Data extracts START
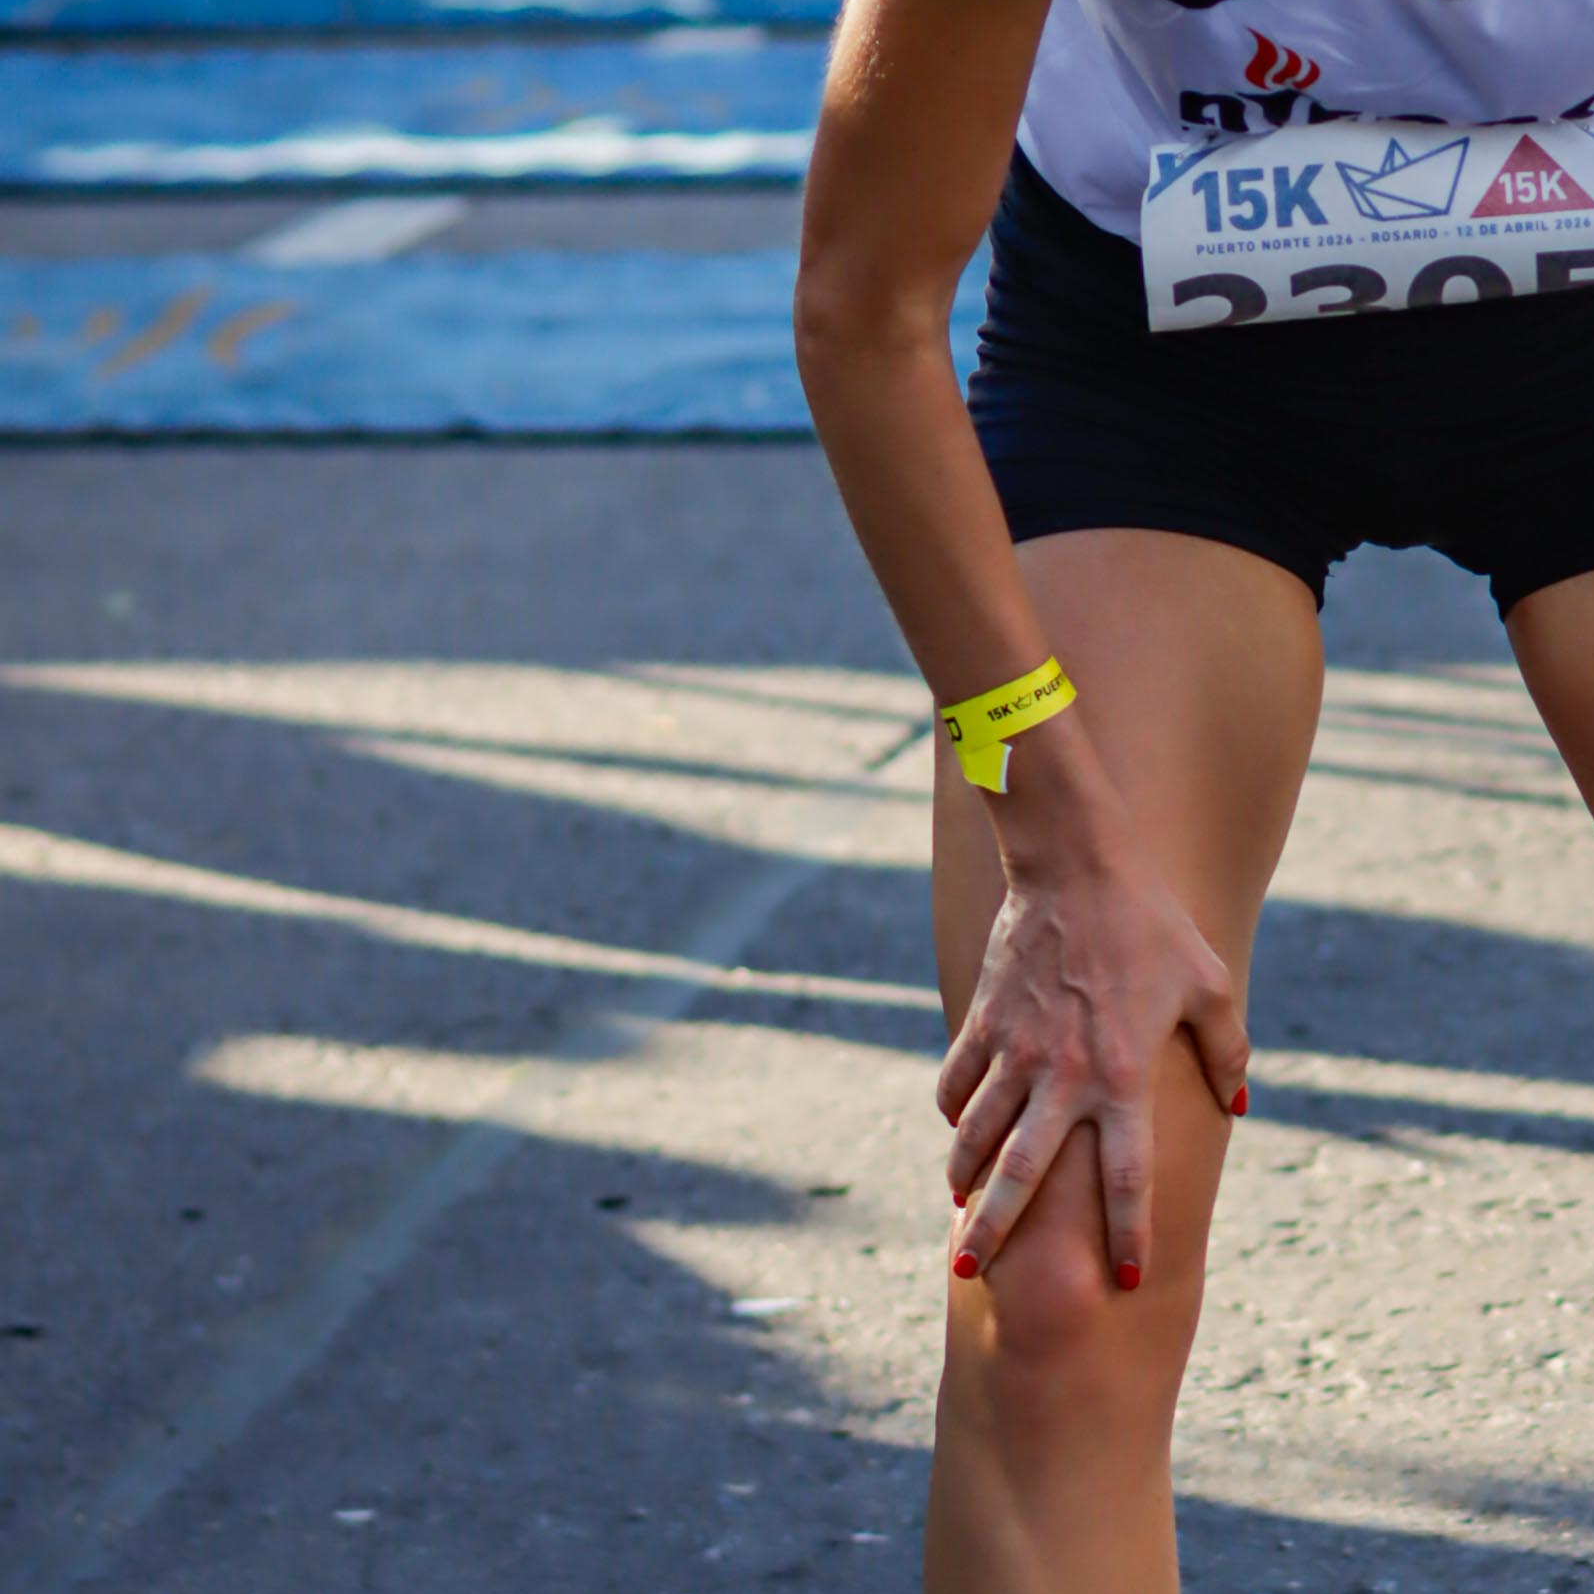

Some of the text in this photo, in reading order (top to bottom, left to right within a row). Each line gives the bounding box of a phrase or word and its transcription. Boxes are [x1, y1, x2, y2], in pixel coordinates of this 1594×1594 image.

[1192, 163, 1329, 233] 15K
[1498, 169, 1568, 204] 15K
[1196, 240, 1255, 256] PUERTO
[1262, 237, 1311, 252] NORTE
[1317, 234, 1353, 248] 2026
[1371, 228, 1438, 243] ROSARIO
[1456, 225, 1473, 238] 12
[1479, 224, 1497, 236] DE
[1504, 219, 1548, 234] ABRIL
[1555, 217, 1592, 231] 2026
[987, 703, 1013, 722] 15K
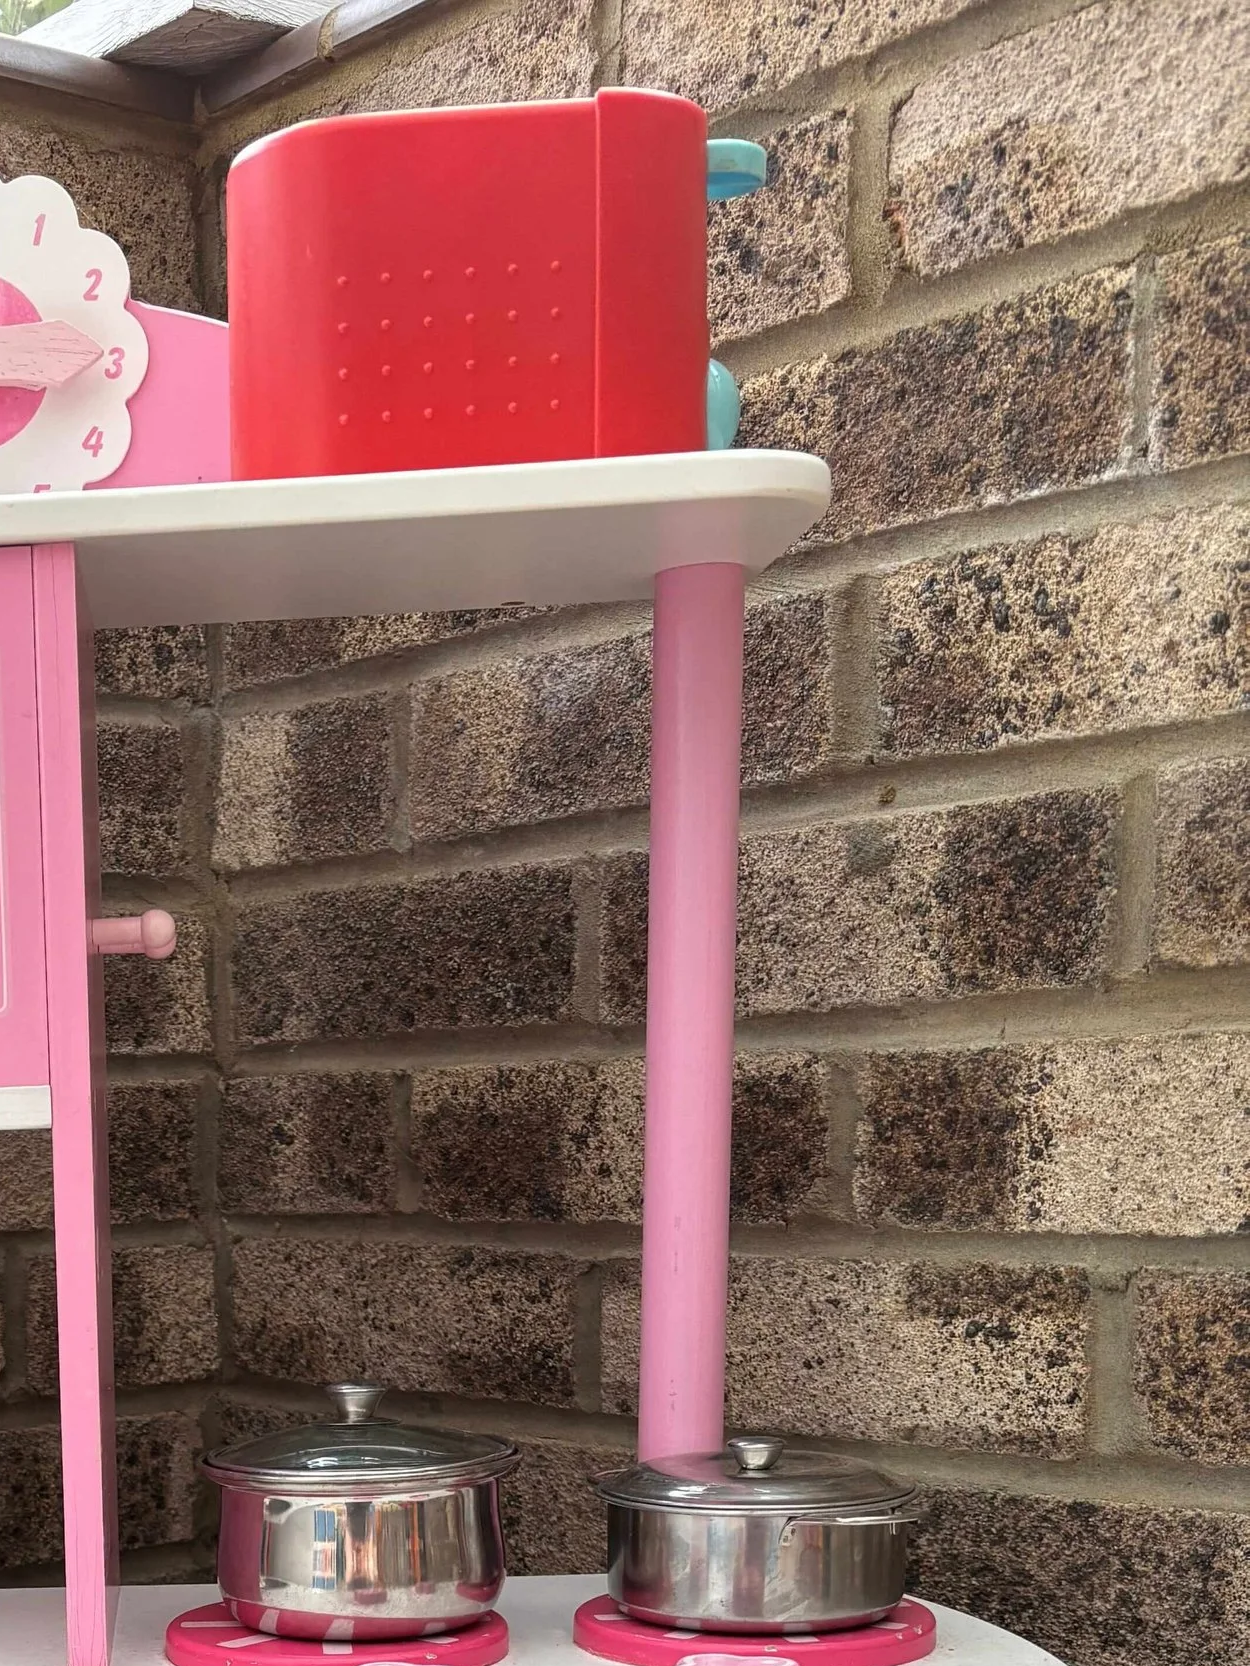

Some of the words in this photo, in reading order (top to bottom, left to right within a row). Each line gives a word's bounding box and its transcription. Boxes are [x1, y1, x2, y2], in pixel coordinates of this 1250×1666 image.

[32, 213, 46, 246] 1
[82, 268, 103, 301] 2
[104, 347, 126, 380] 3
[82, 426, 103, 458] 4
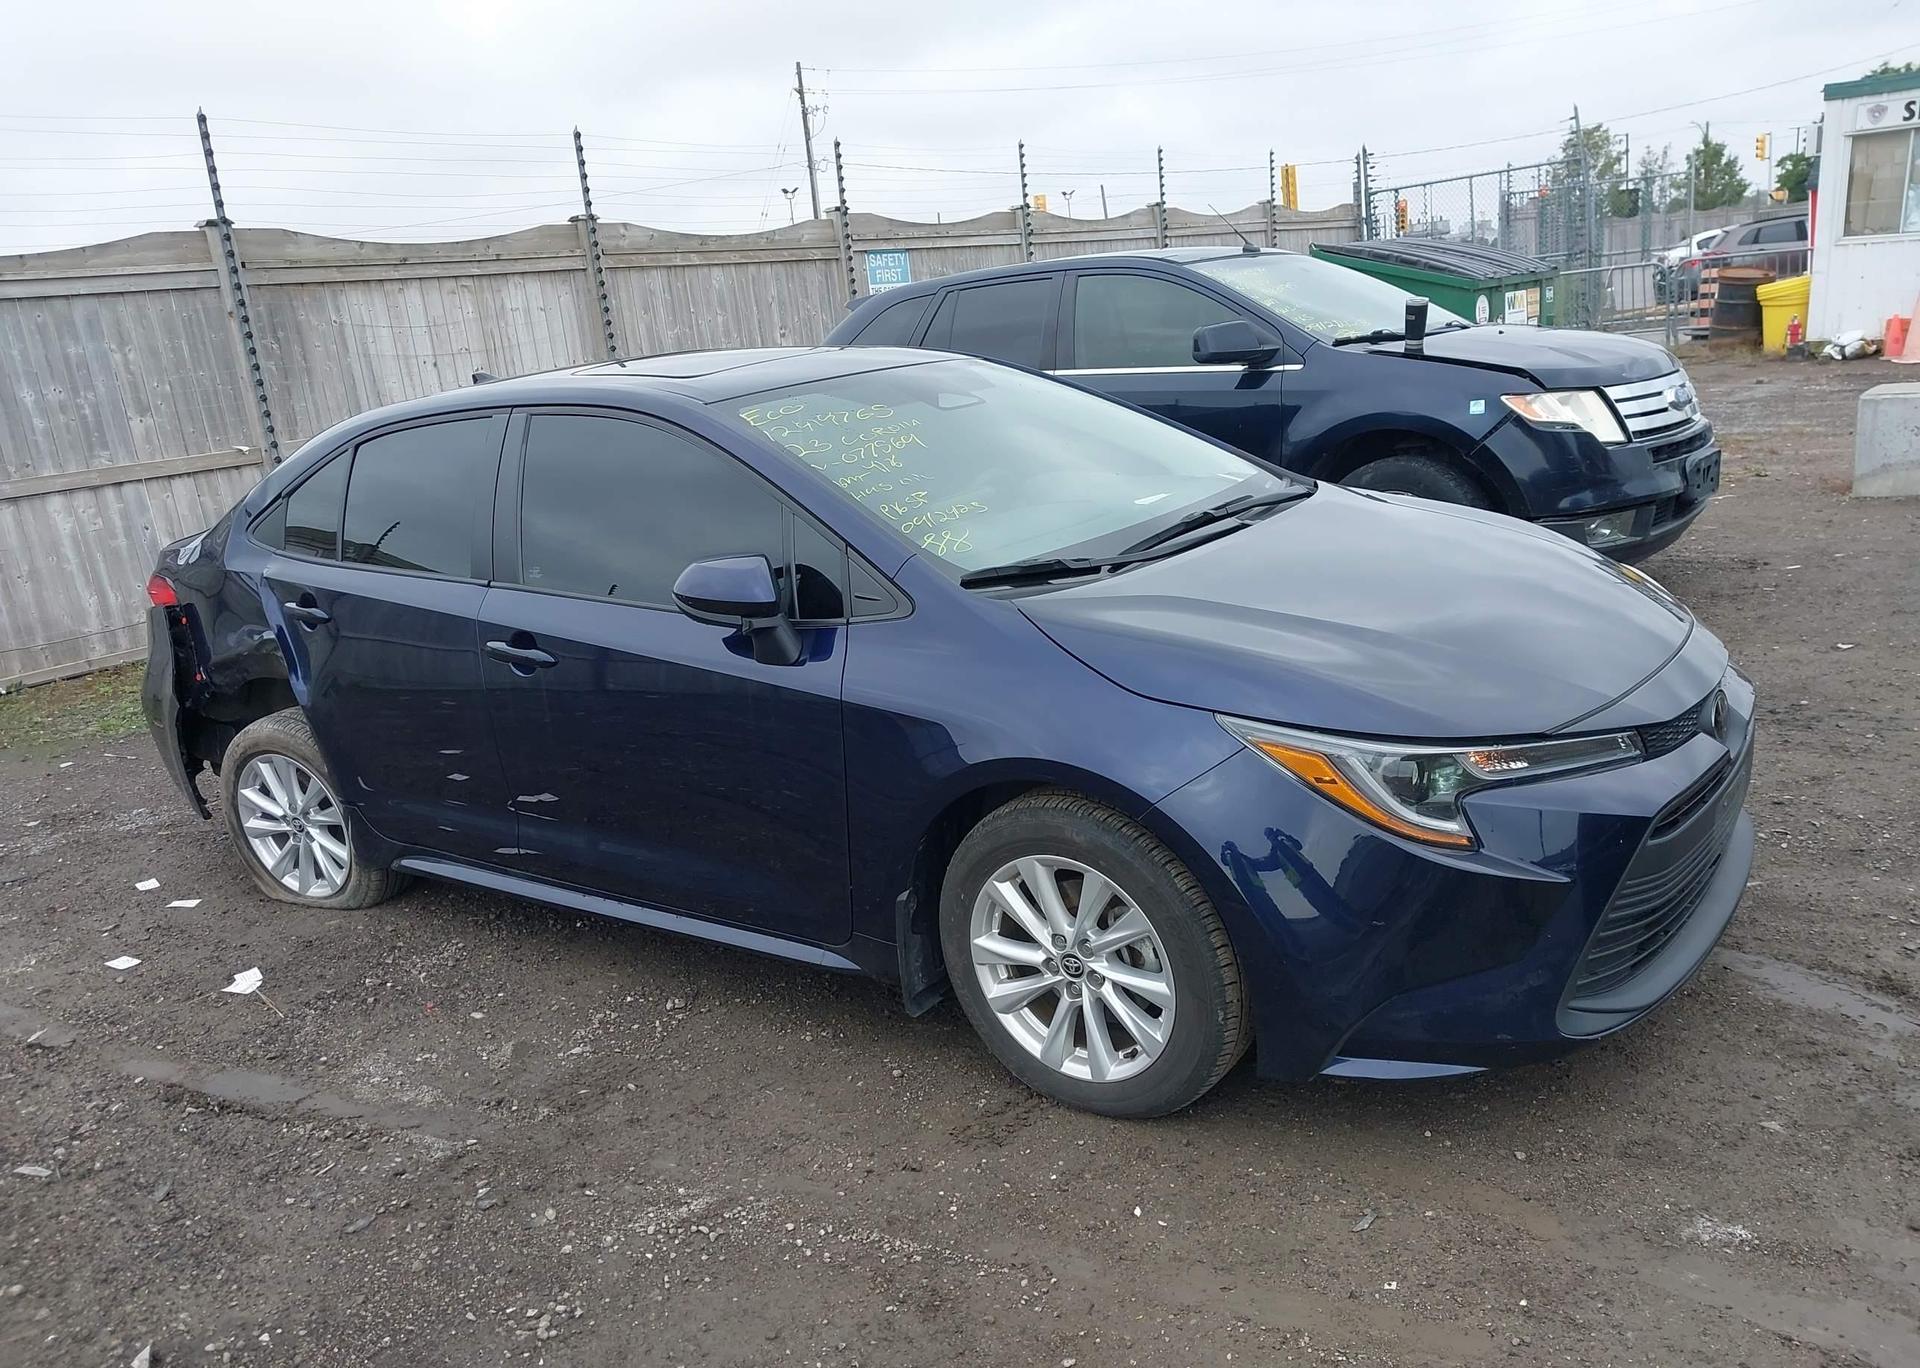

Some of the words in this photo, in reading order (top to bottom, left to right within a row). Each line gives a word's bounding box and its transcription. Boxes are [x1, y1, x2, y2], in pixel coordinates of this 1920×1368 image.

[1902, 99, 1920, 121] S
[868, 253, 905, 267] SAFETY
[876, 268, 902, 283] FIRST
[1507, 292, 1526, 311] WM
[785, 439, 833, 457] 23
Data extracts END
:: Assignment ::
All records above need to be returned exactly. Omit the pictures.

:: Solution below ::
Some of the text in this photo, in reading order (top to bottom, left to right within a row). Each line gives the bounding box of a phrase or word and its transcription. Boxes are [x1, y1, x2, y2], in pixel coordinates of this 1594×1594 image.

[1192, 163, 1329, 233] 15K
[1498, 169, 1568, 204] 15K
[1196, 240, 1255, 256] PUERTO
[1262, 237, 1311, 252] NORTE
[1317, 234, 1353, 248] 2026
[1371, 228, 1438, 243] ROSARIO
[1456, 225, 1473, 238] 12
[1479, 224, 1497, 236] DE
[1504, 219, 1548, 234] ABRIL
[1555, 217, 1592, 231] 2026
[987, 703, 1013, 722] 15K

Some of the words in this photo, in reading order (top to bottom, left to right within a row). Each line gives a word's bounding box and its transcription. Boxes are [x1, y1, x2, y2], in pixel coordinates of this 1250×1666 image.

[32, 213, 46, 246] 1
[82, 268, 103, 301] 2
[104, 347, 126, 380] 3
[82, 426, 103, 458] 4

Some of the words in this photo, in reading order (top to bottom, left to right within a row). Each line gives a word's bounding box and its transcription. Boxes are [x1, y1, x2, y2], in pixel coordinates of this 1920×1368 image.

[1902, 99, 1920, 121] S
[868, 253, 905, 267] SAFETY
[876, 268, 902, 283] FIRST
[1507, 292, 1526, 311] WM
[785, 439, 833, 457] 23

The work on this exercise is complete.